A novel approach to hacking can allow cybercriminals to exploit biometric identifiers such as voices and faces along with device identifiers to steal information and pinpoint a user’s location, it was revealed in a study.
Devices such as smartphones and internet-of-things (IoT) devices could allow cybercriminals to identify people using a combination of biometric and WiFi MAC addresses, to expose up to 70 percent of device identifiers, according to a new study.
The study “Nowhere to Hide: Cross-modal Identity Leakage between Biometrics and Devices”, was researched by academics from New York University, University of Liverpool, The Chinese University of Hong Kong and University at Buffalo SUNY. Findings were presented at the Web Conference 2020 in Taipei last week.
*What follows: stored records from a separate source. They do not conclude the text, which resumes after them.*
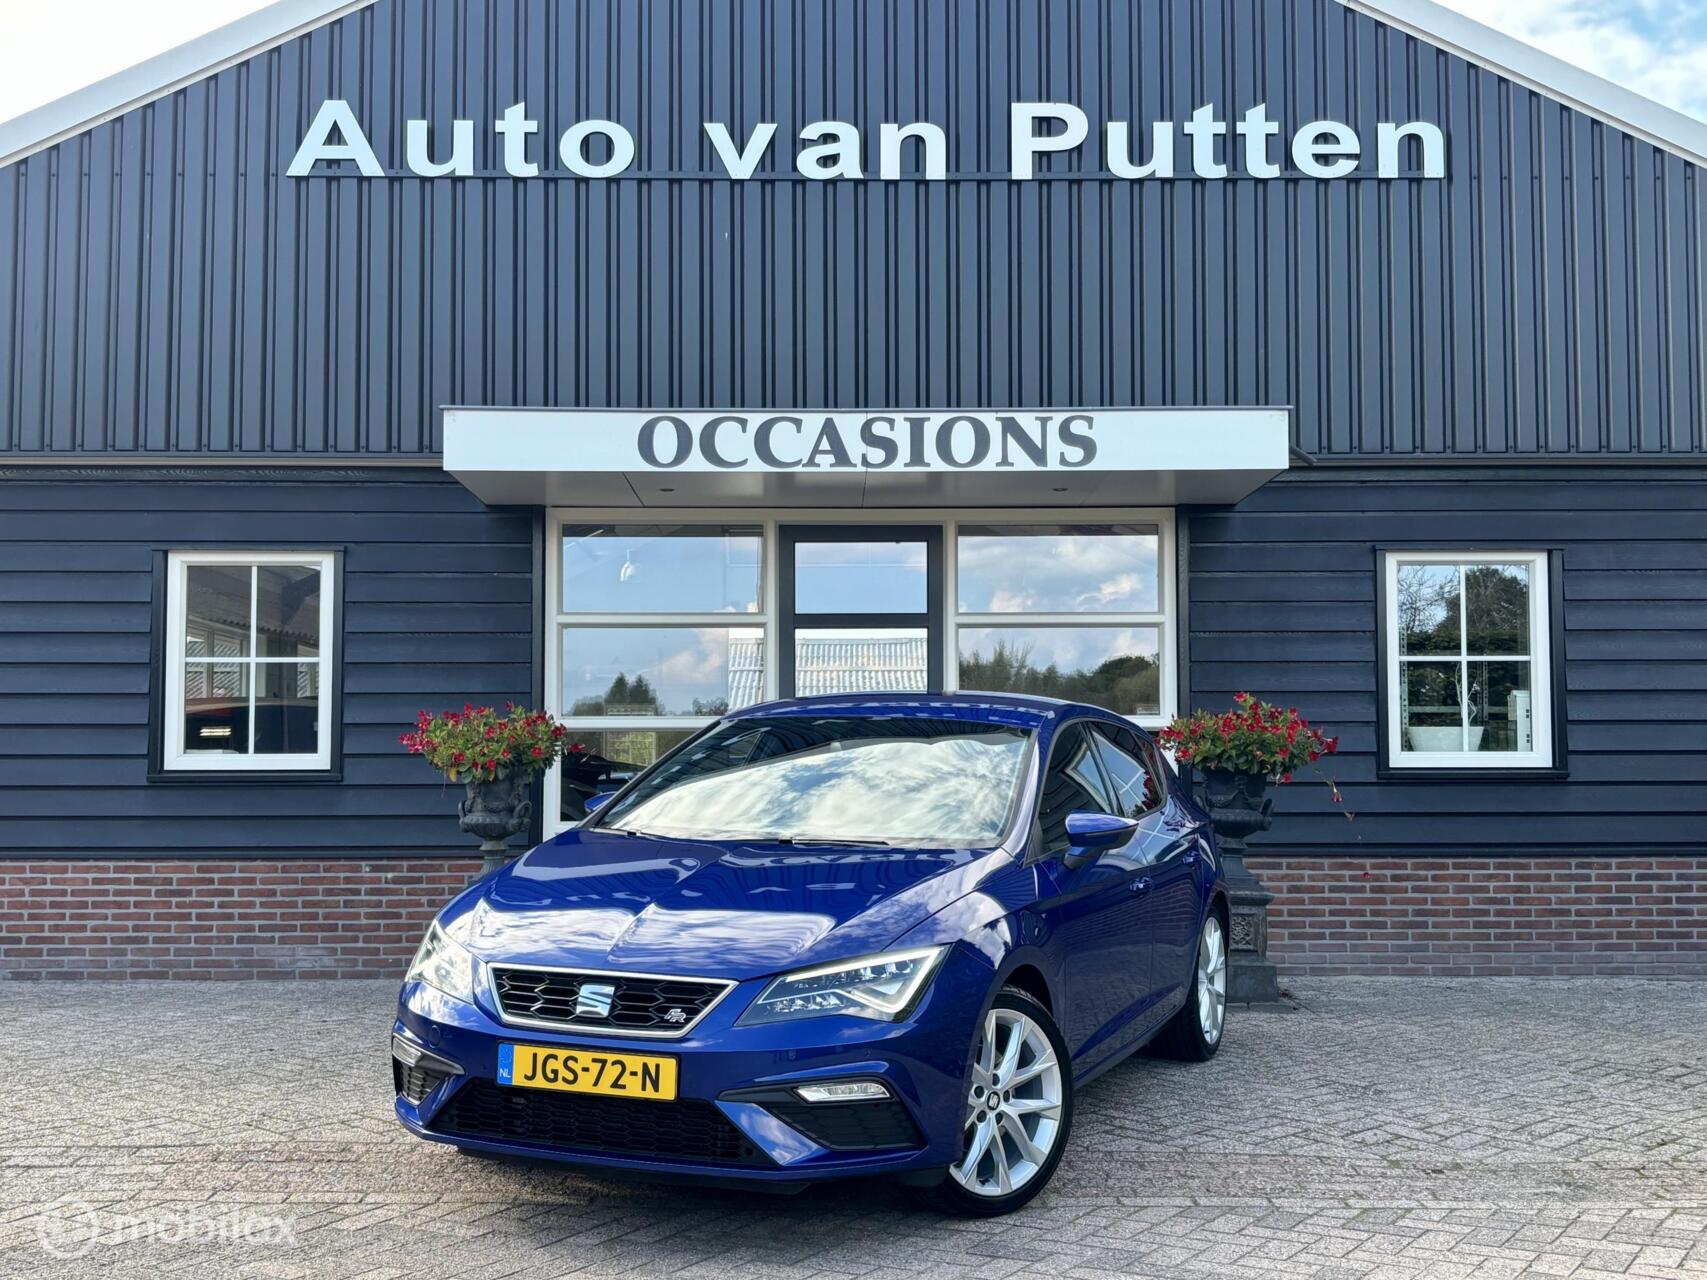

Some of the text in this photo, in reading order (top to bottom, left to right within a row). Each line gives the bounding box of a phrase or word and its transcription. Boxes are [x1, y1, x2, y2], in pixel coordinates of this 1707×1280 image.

[286, 100, 1444, 179] Auto van Putten
[638, 415, 1097, 468] OCCASIONS
[500, 1068, 511, 1078] NL
[524, 1053, 660, 1092] JGS-72-N
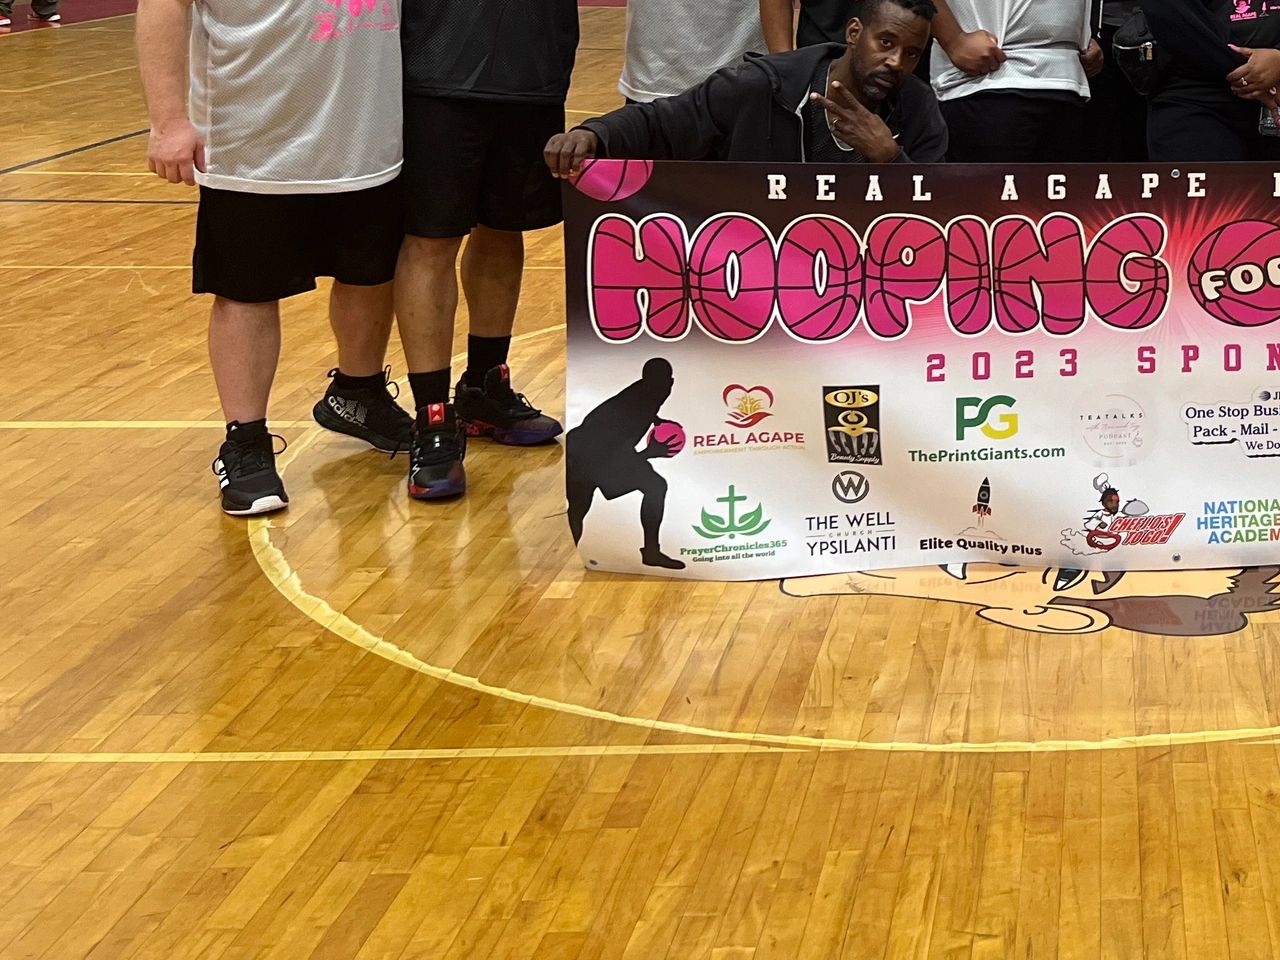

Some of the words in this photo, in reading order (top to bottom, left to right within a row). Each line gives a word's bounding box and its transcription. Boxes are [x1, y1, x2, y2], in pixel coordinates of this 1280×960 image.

[767, 174, 933, 202] REAL
[1000, 171, 1207, 201] AGAPE
[589, 211, 1170, 344] HOOPING
[925, 348, 1078, 382] 2023
[833, 391, 869, 406] OJ's
[955, 394, 1018, 441] PG
[1185, 406, 1215, 419] One
[1218, 405, 1250, 419] Stop
[1192, 424, 1228, 437] Pack
[1240, 422, 1269, 435] Mail
[693, 433, 741, 448] REAL
[744, 431, 805, 445] AGAPE
[1245, 441, 1264, 450] We
[1266, 440, 1280, 449] Do
[908, 446, 1066, 463] ThePrintGiants.com
[804, 514, 840, 531] THE
[845, 511, 896, 528] WELL
[828, 529, 873, 538] CHURCH
[679, 539, 788, 556] PrayerChronicles365
[806, 535, 896, 556] YPSILANTI
[919, 538, 954, 551] Elite
[956, 538, 1009, 555] Quality
[1011, 544, 1043, 556] Plus
“The attacker can be either insider like co-workers who share the same office with victims or outsiders who use their laptops to eavesdrop random victims in a coffee shop. So launching such an attack is not difficult, considering multi-modal IoT devices are very small and can be disguised well, like a spy camera with Wi-Fi sniffing function. All in all, there is little setup effort on the side of the attacker,” University of Liverpool assistant professor, Chris Xiaoxuan Lu, told The Hacker News.
Researchers used a Raspberry Pi with an audio recorder, 8 megapixel camera and WiFi device capable of detecting device IDs on WiFi networks. The experiment determined that such devices could find individuals within a crowd of people.
Using encryption programmes like virtual private networks (VPNs) can help while working in public spaces, but strong countermeasures were needed, the researchers added.
The news comes after a survey conducted in 2019 revealed that 7 out of 10 organisations had reported successful or attempted system breaches to IoT devices, with the survey probing the opinions of 540 IT professionals on network security, revealing that organisations lacked confidence in network security and underestimated insider threats.
European firms adopting IoT devices has almost reached levels in North America, with 83 percent in the former deploying such tools compared to 85 percent compared to the latter, the survey found.